Problem to solve >> Copy exactly, please, the line that has "Some of the words" in it along with every line after it to the end of the listing.

─── Provided data

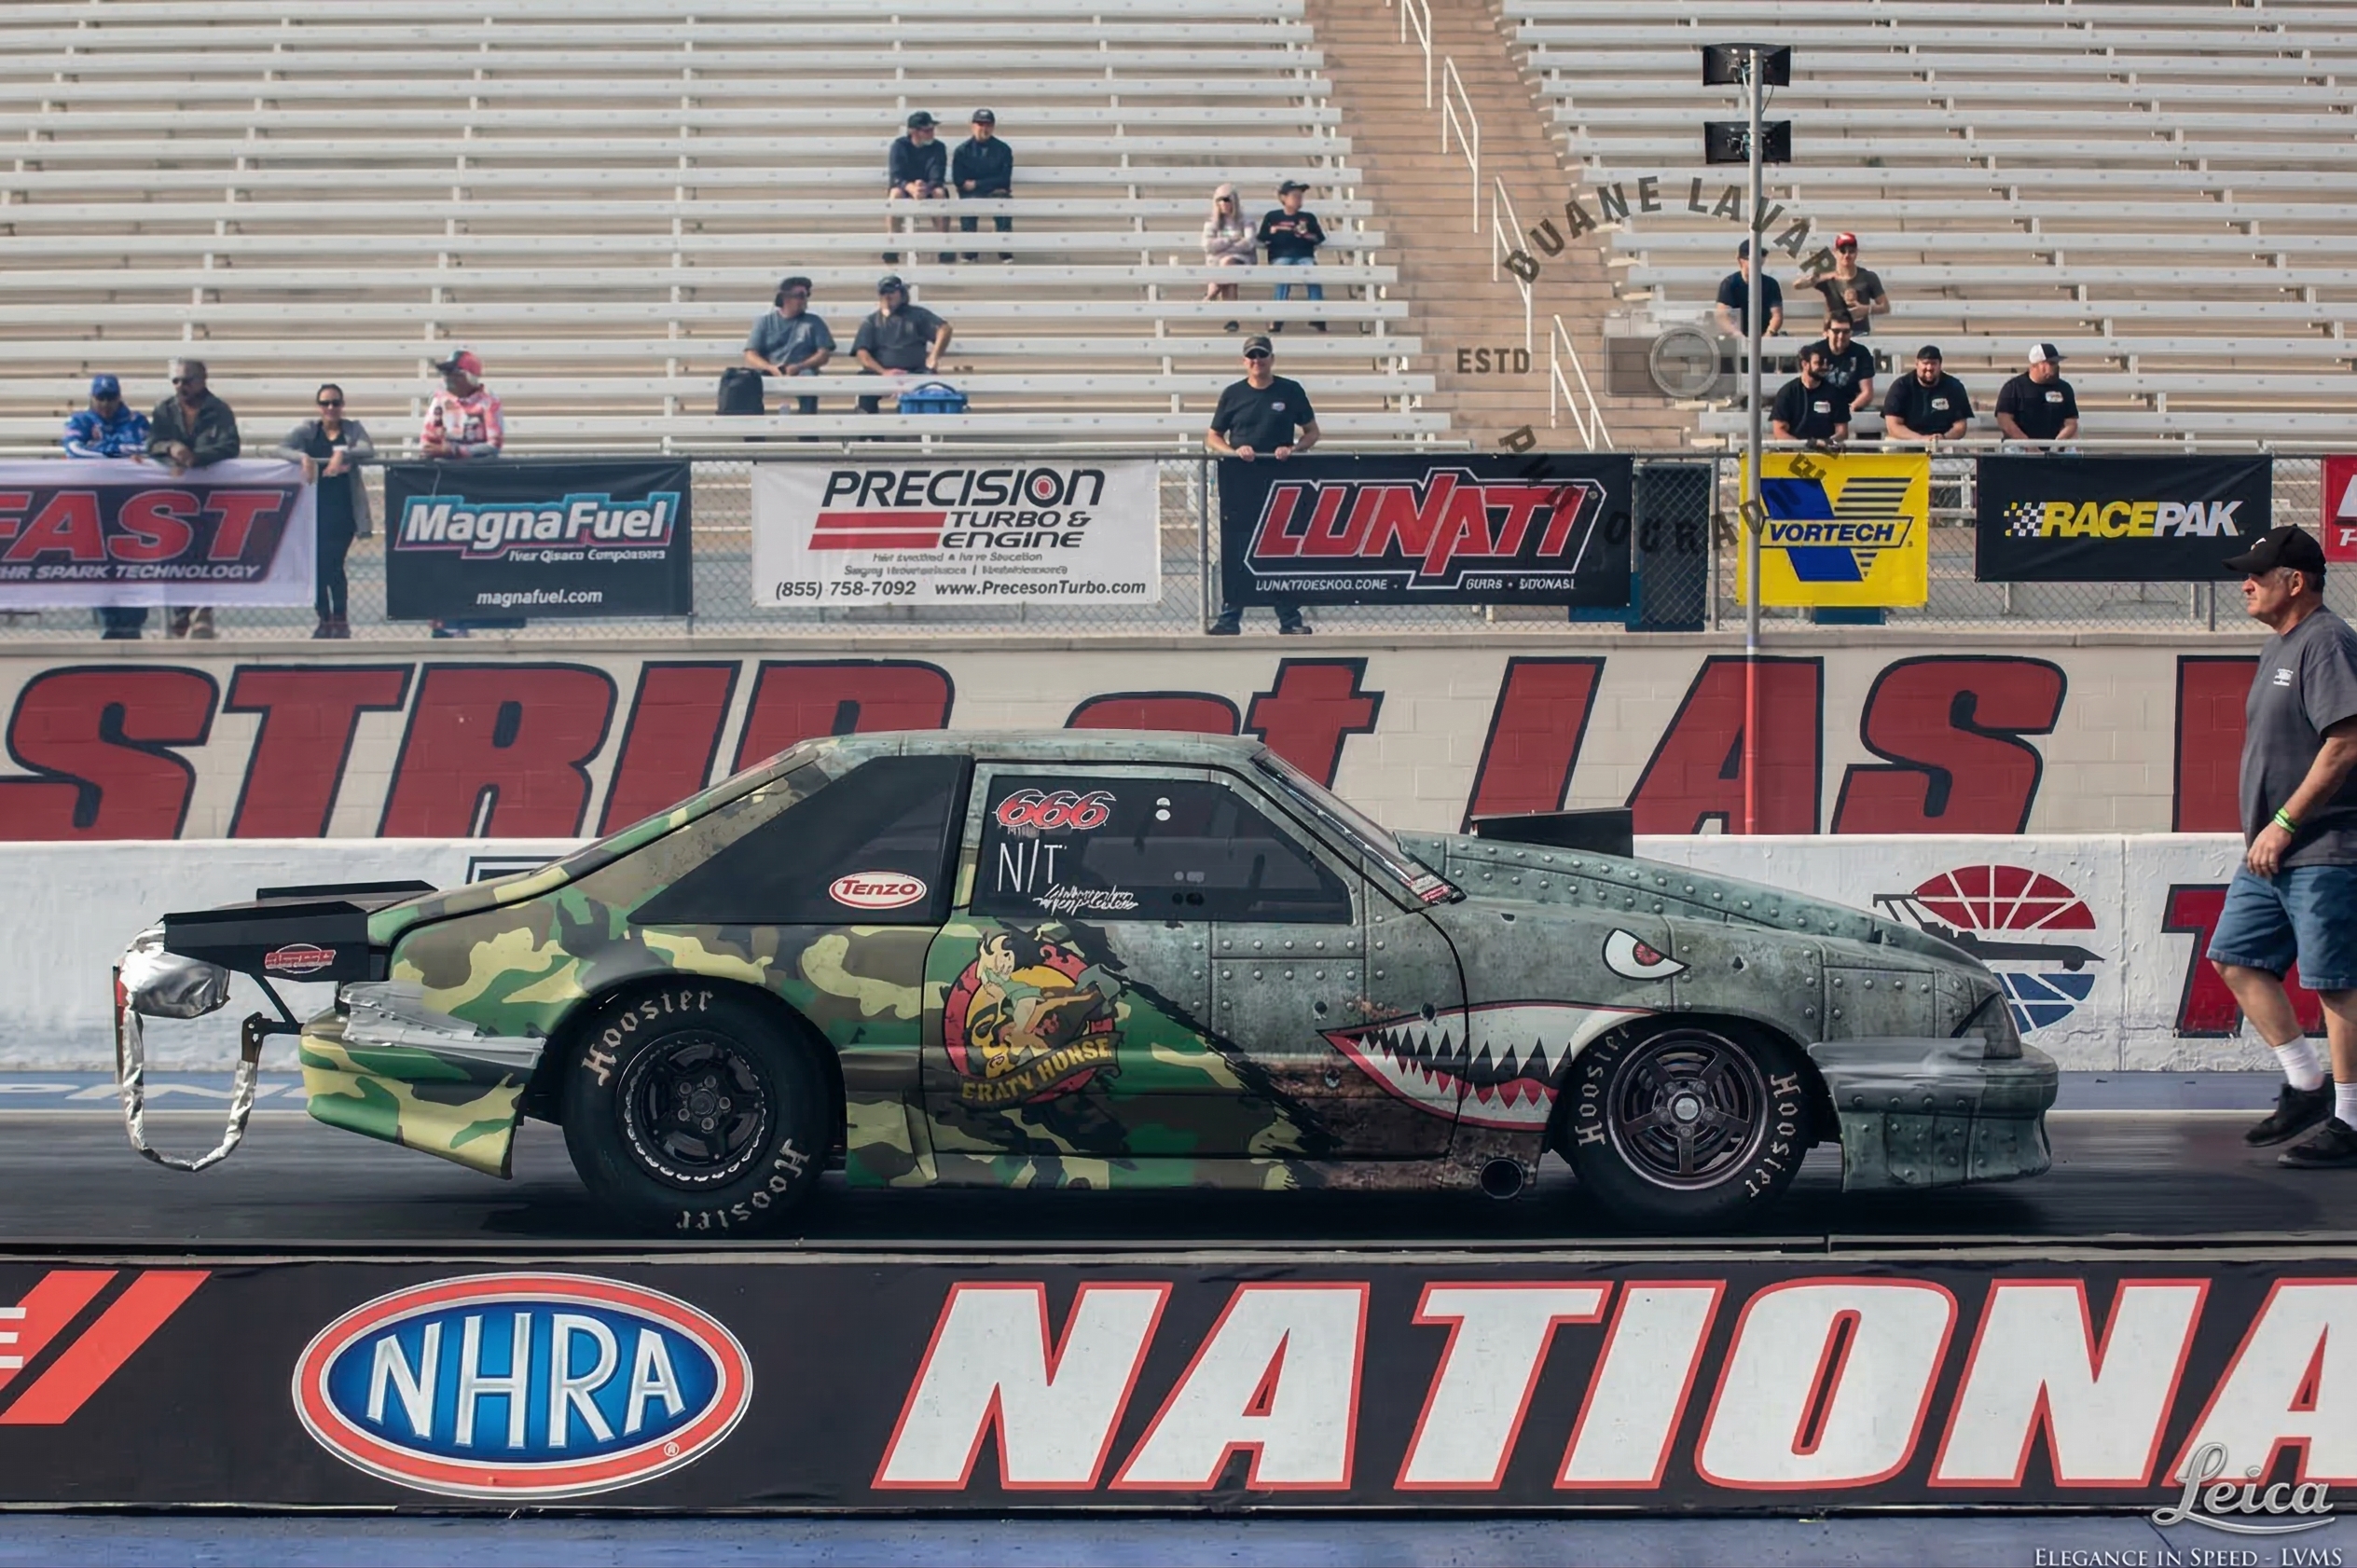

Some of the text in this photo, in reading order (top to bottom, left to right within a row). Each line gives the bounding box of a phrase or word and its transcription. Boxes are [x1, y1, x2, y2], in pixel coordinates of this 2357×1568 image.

[950, 510, 1093, 529] TURBO &
[1253, 473, 1591, 576] LUNATI
[2039, 501, 2243, 539] RACEPAK
[1770, 523, 1895, 543] VORTECH
[35, 564, 111, 580] SPARK
[116, 564, 260, 580] TECHNOLOGY
[476, 588, 603, 607] magnafuel.com
[775, 580, 823, 600] (855)
[830, 580, 917, 598] 758-7092
[992, 789, 1116, 831] 666
[365, 1277, 2357, 1492] NHRA NATIONA
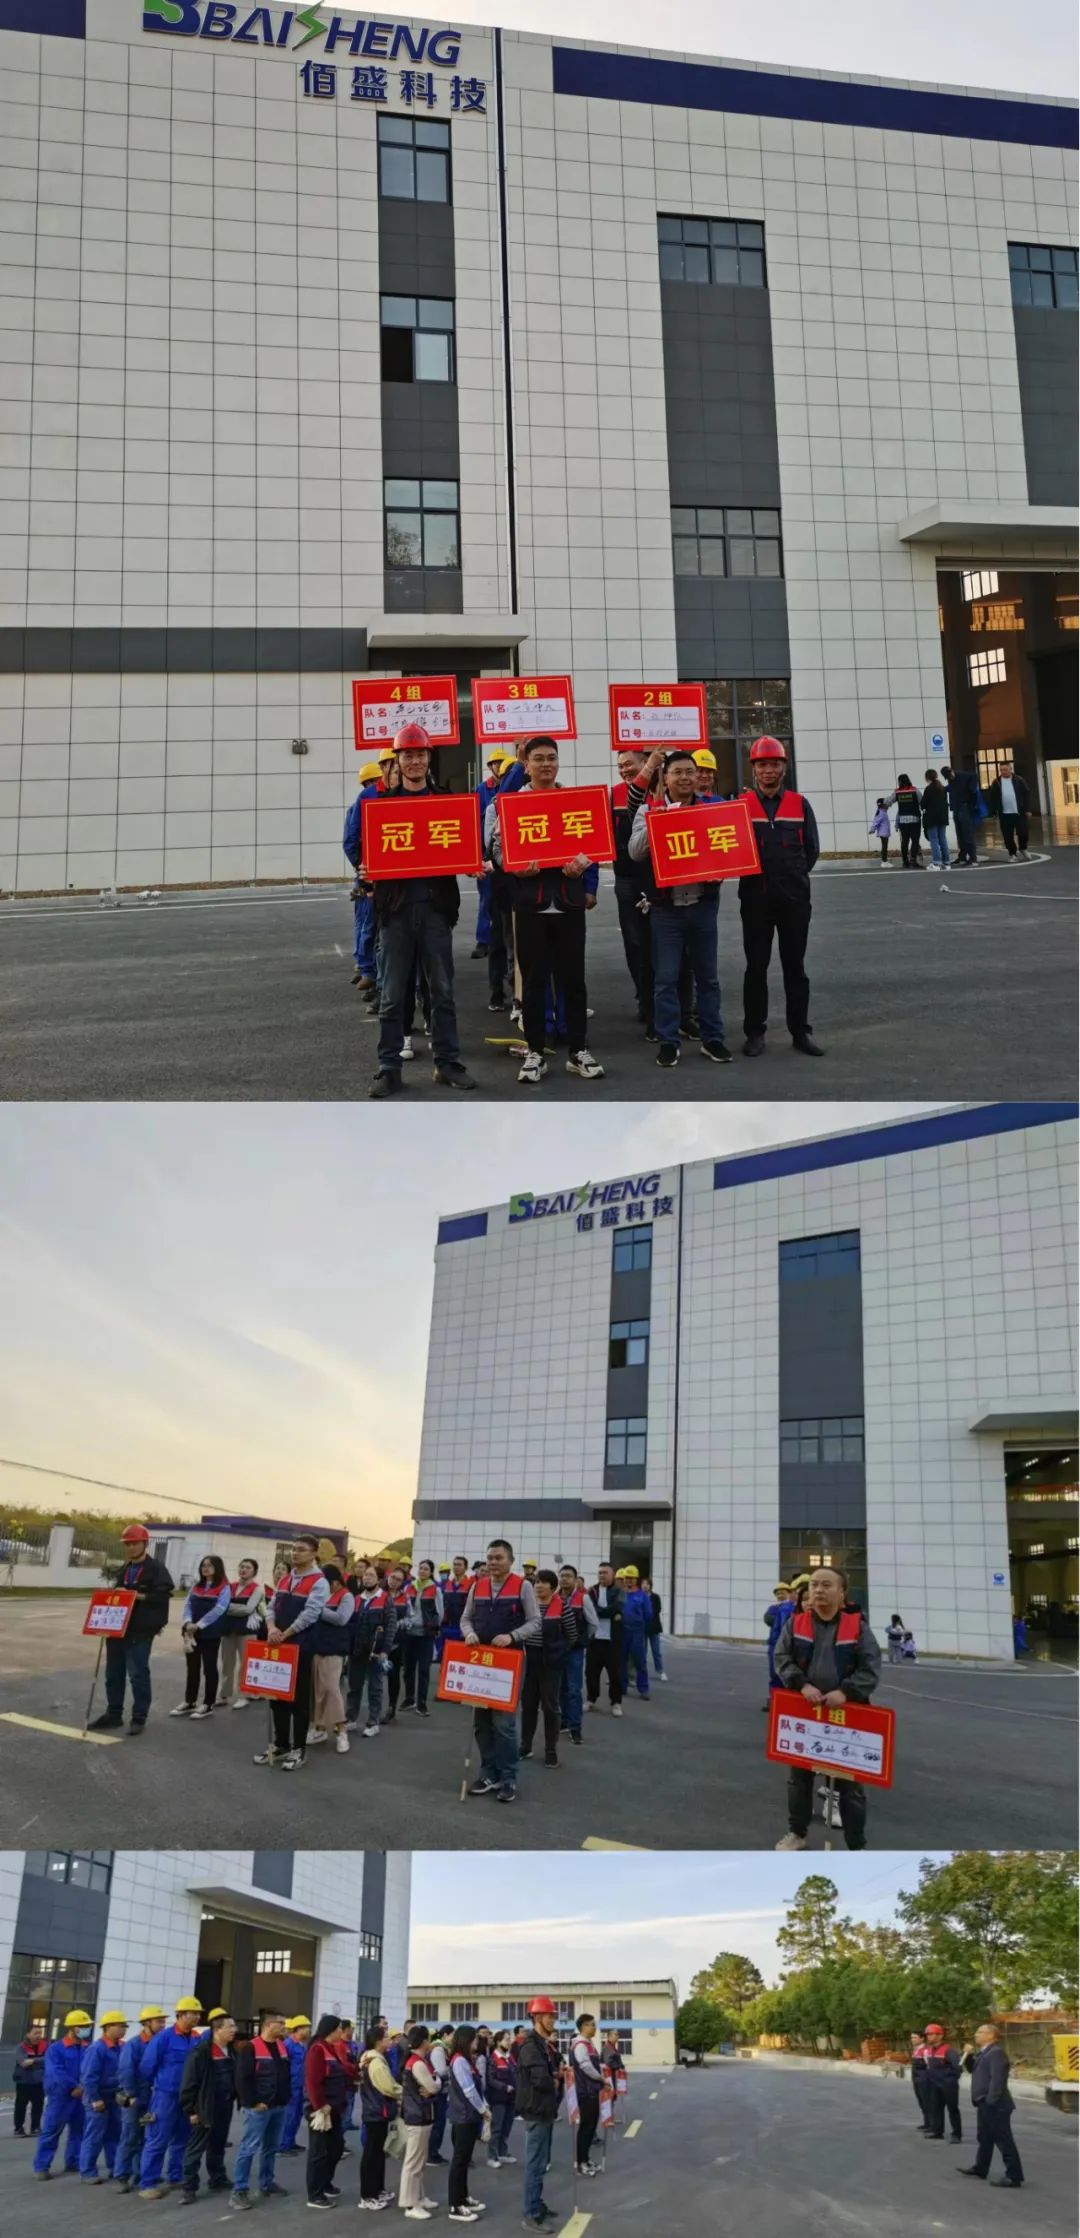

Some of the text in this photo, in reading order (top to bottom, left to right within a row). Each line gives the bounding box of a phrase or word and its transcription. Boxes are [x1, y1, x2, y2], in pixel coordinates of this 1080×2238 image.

[300, 59, 487, 114] 佰盛科技
[381, 819, 462, 853] 冠军
[517, 810, 594, 845] 冠军
[666, 824, 740, 861] 亚军
[576, 1195, 675, 1233] 佰盛科技
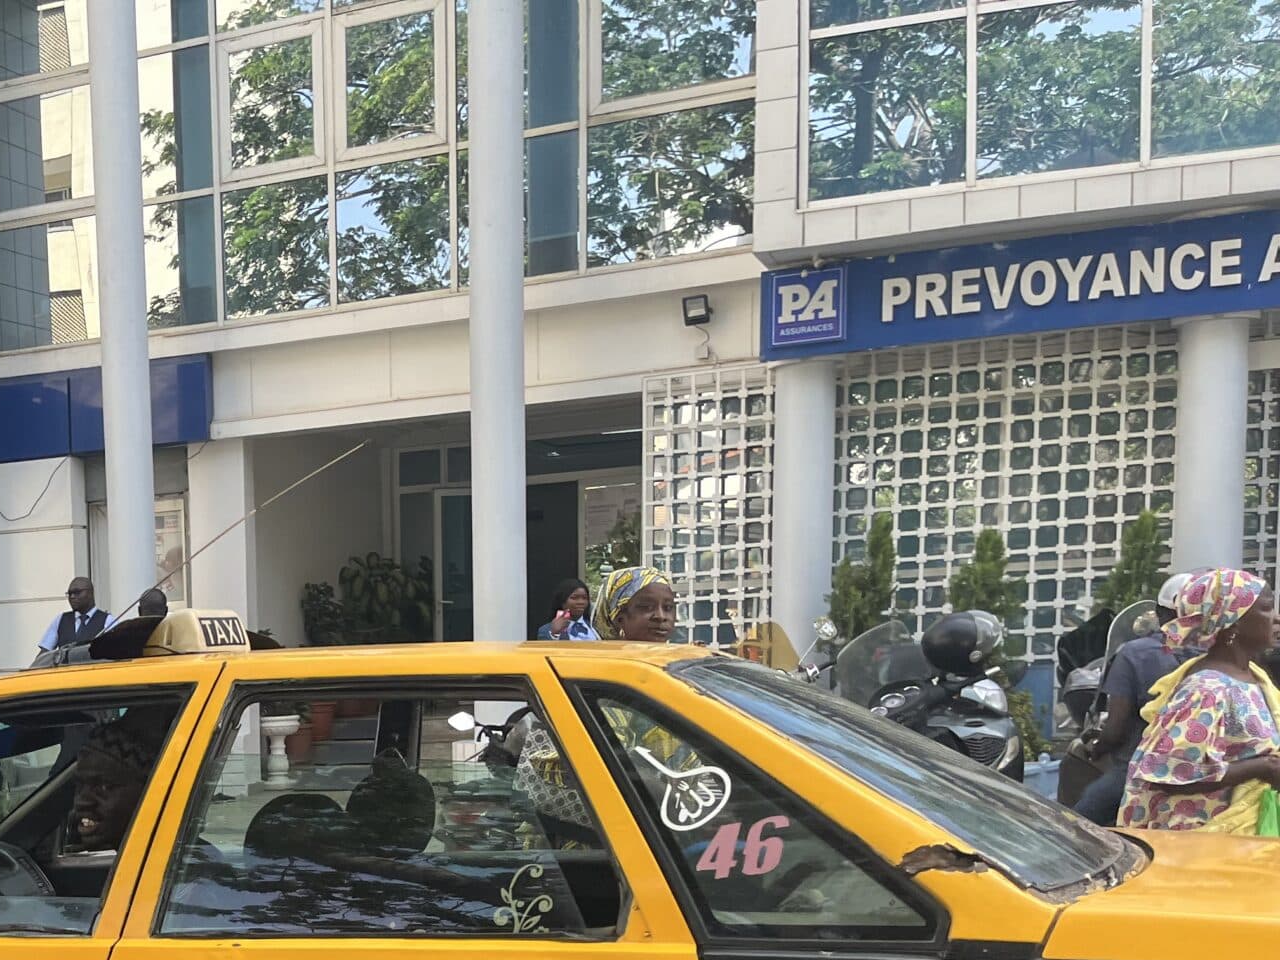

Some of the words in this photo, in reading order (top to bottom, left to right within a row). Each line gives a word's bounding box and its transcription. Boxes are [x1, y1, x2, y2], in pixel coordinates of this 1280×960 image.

[777, 279, 838, 324] PA
[881, 237, 1243, 323] PREVOYANCE
[780, 322, 834, 336] ASSURANCES
[201, 619, 244, 645] TAXI
[696, 815, 790, 880] 46

──────

Exercise response >>
Some of the words in this photo, in reading order (top to bottom, left to right within a row). Each line gives a word's bounding box and its transcription. Boxes are [x1, y1, x2, y2], in pixel coordinates of this 1280×960 image.

[777, 279, 838, 324] PA
[881, 237, 1243, 323] PREVOYANCE
[780, 322, 834, 336] ASSURANCES
[201, 619, 244, 645] TAXI
[696, 815, 790, 880] 46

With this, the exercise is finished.